It is likely that last week’s interest rate rise may be the last for a while, according to a statement from the Reserve Bank of Australia (RBA).

But the RBA still looks more likely to raise rates and probably significantly over the next 2 years.

It is likely that the RBA will increase rates significantly in 2012 to slow down a booming economy. Clearly it will be important for property investors to budget for these increases. Of course a booming economy and strong inflation will lead to a healthy property market.

On Melbourne Cup Day the RBA surprised the market by raising the cash rate  by 0.25% to 4.75% in the first hike  since May, citing an expected large expansionary shock from rising  export prices and the decreasing spare capacity in the Australian  economy.

After each meeting the RBA releases a monetary policy statement, and the November one suggested that the bank  lowered its outlook for inflation. They now suggest inflation to the end of the December quarter will be within their target range and could be 2.75%  down from 3.25% cent in the August  statement.

They said: “The near term forecast for year ended inflation has been  lowered, partly reflecting the recent appreciation of the exchange  rate,” the RBA said in its statement.
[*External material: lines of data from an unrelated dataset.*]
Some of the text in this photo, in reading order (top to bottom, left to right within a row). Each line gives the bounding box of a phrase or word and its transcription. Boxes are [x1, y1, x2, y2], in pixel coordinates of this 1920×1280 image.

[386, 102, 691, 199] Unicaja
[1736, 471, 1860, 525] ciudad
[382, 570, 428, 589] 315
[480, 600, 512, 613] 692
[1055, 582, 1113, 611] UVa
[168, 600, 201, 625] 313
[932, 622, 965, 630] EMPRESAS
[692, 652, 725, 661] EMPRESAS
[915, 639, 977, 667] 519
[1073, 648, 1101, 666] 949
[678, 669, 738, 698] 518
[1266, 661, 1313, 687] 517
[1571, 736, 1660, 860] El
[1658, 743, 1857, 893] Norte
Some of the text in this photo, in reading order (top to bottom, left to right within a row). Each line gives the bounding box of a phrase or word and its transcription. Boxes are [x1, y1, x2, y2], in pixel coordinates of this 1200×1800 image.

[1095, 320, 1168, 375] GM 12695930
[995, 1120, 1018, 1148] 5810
“However the medium term outlook remains unchanged.  In underlying terms inflation is expected to remain around 2.5  per cent until mid next year, before gradually rising to three per  cent by the end of 2012.”

“The economy is continuing to benefit from the high level of  commodity prices with nominal income growing growing very strongly  over the past year.
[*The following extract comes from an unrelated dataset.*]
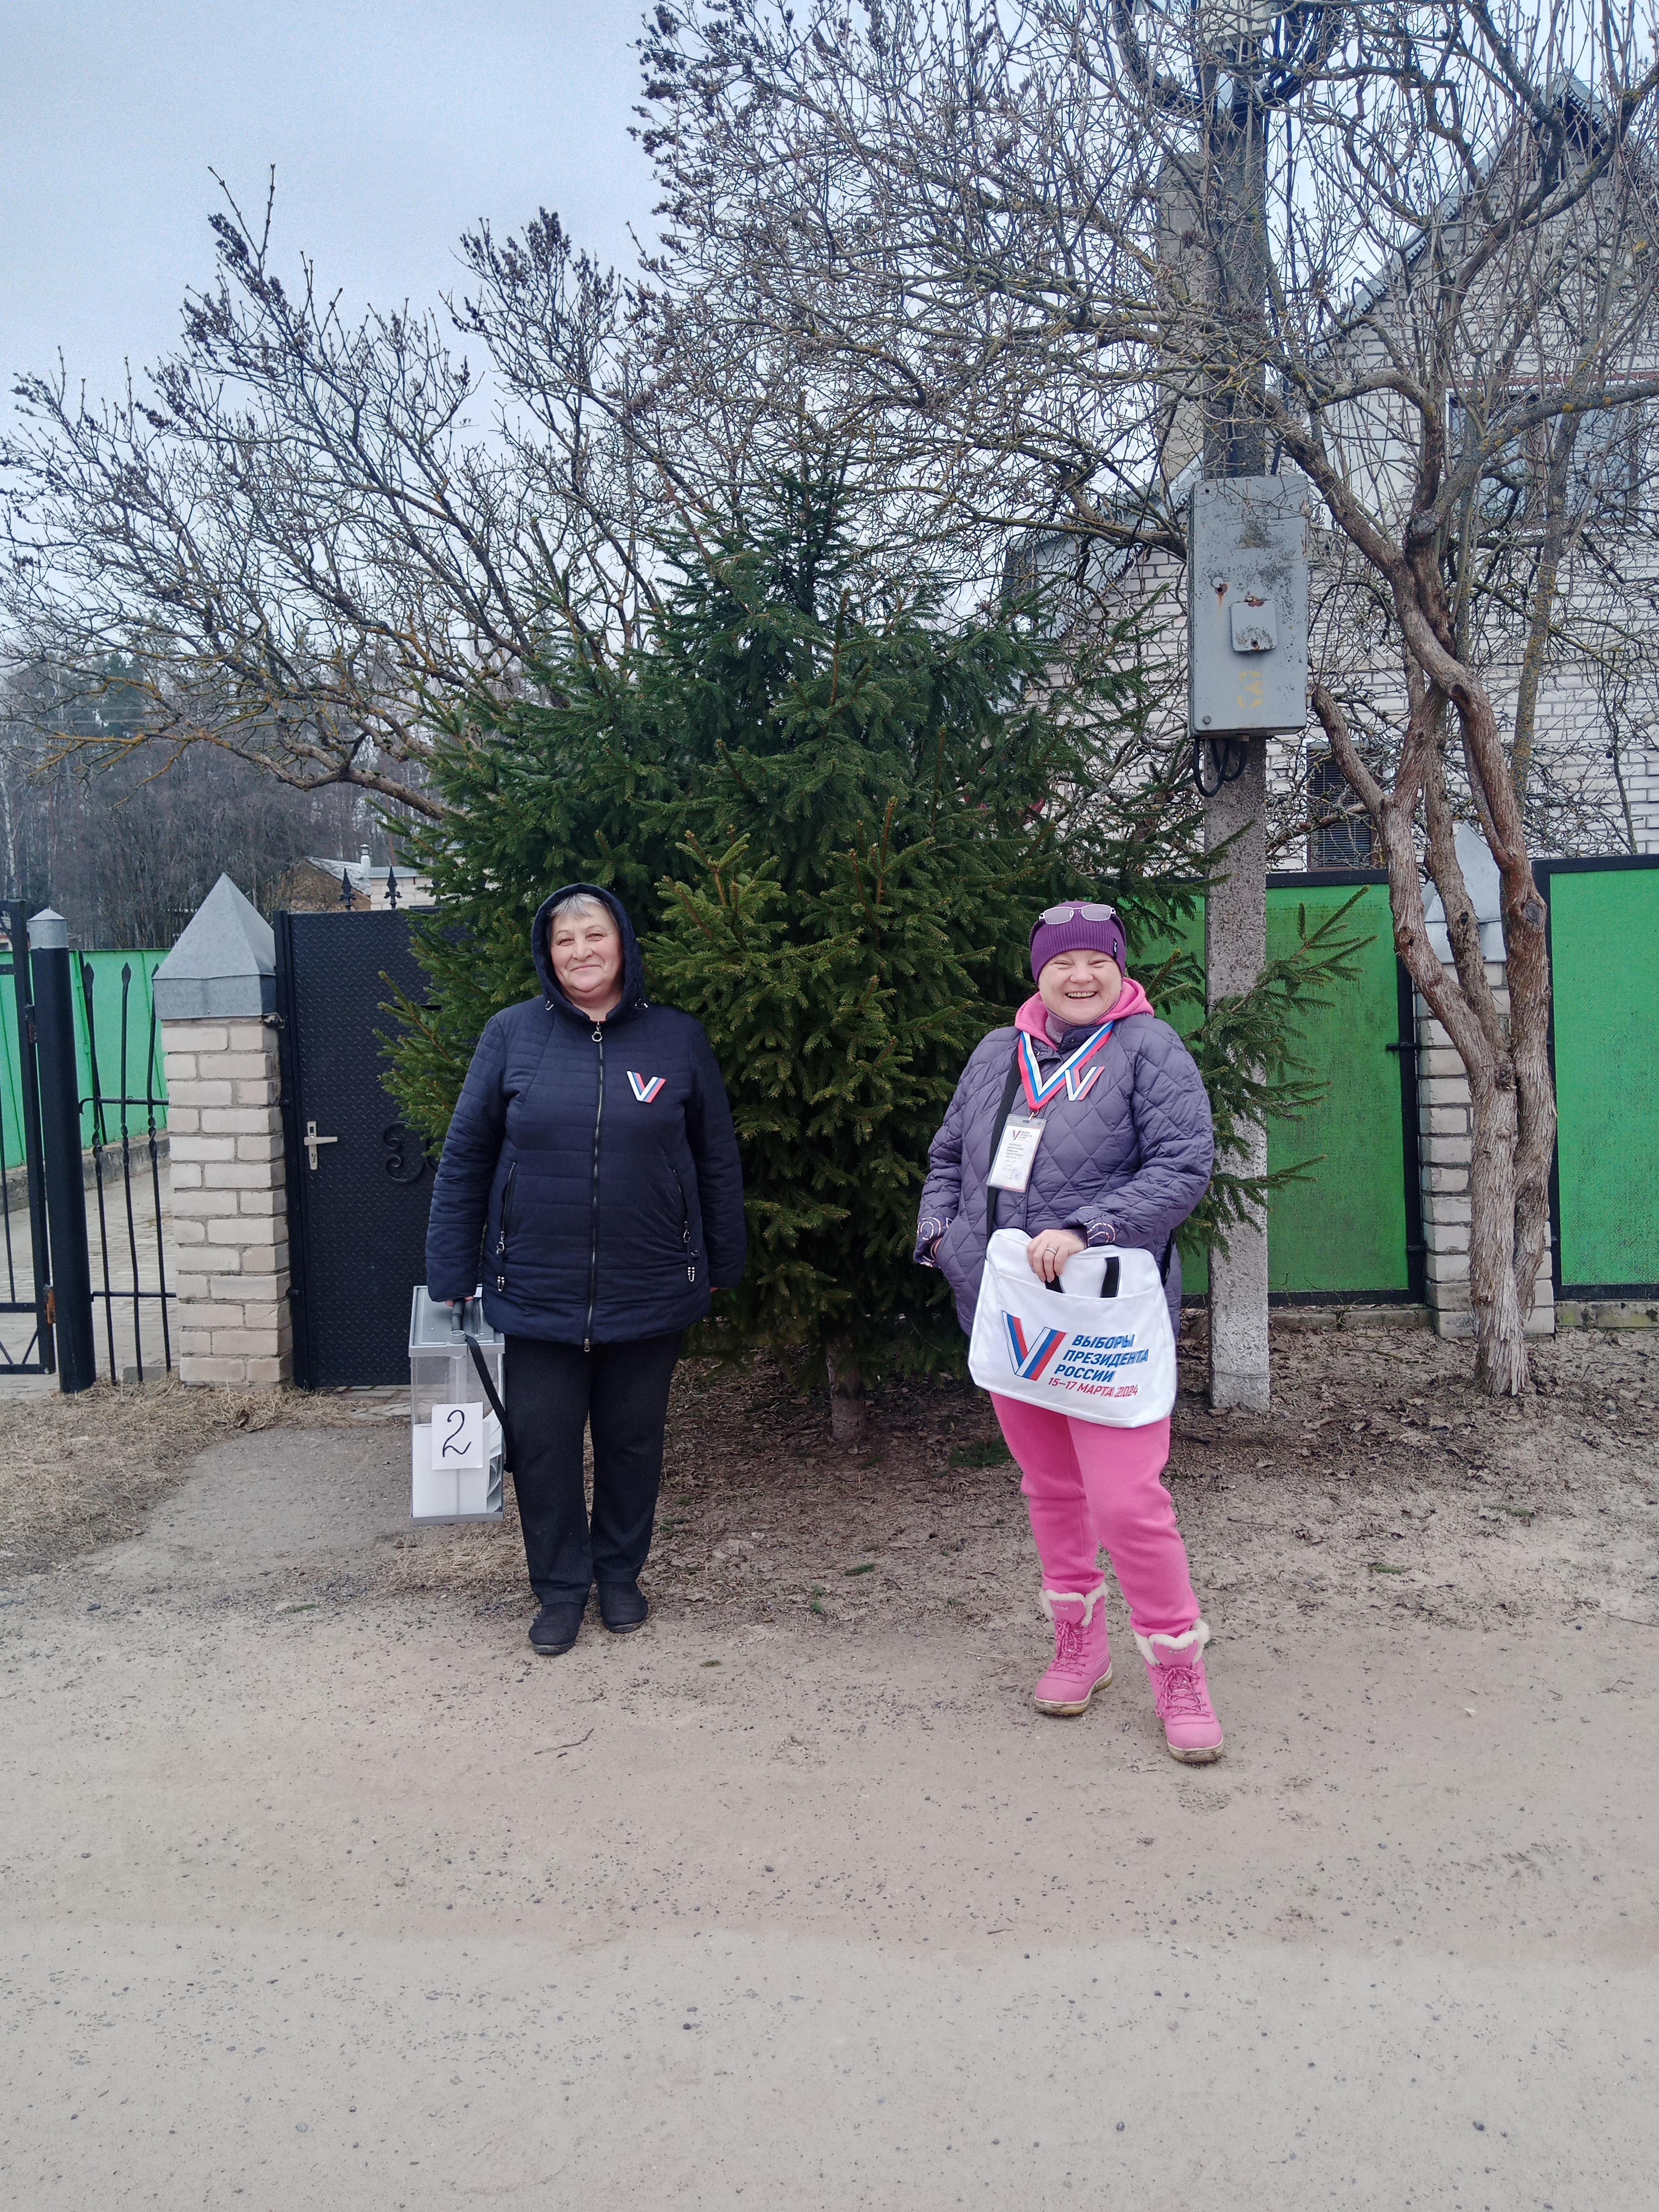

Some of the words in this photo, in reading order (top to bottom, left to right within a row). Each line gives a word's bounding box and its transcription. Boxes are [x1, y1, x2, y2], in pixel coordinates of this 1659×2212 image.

“The prices of many commodities have increased further recently  and Australia’s terms of trade are estimated to have reached the  highest level since at least Federation (1901).

“While terms of trade are expected to decline over the medium  term, the recent strength in both resources and agriculture prices  has led to an upward revision to the Bank’s forecasts for the terms  of trade for the next couple of years.”    The RBA expects the economy to hit almost full capacity in the  next couple of years.

“Over this period the economy is expect to start pushing up  against supply side constraints given the relatively limited amount of spare capacity that currently exists.

The central bank’s says its forecast for Gross Domestic Product  (GDP) growth

The RBA expects economic growth through to December 2010 and June  2011 to stay at 3.5 per cent  which is largely unchanged  from six months ago.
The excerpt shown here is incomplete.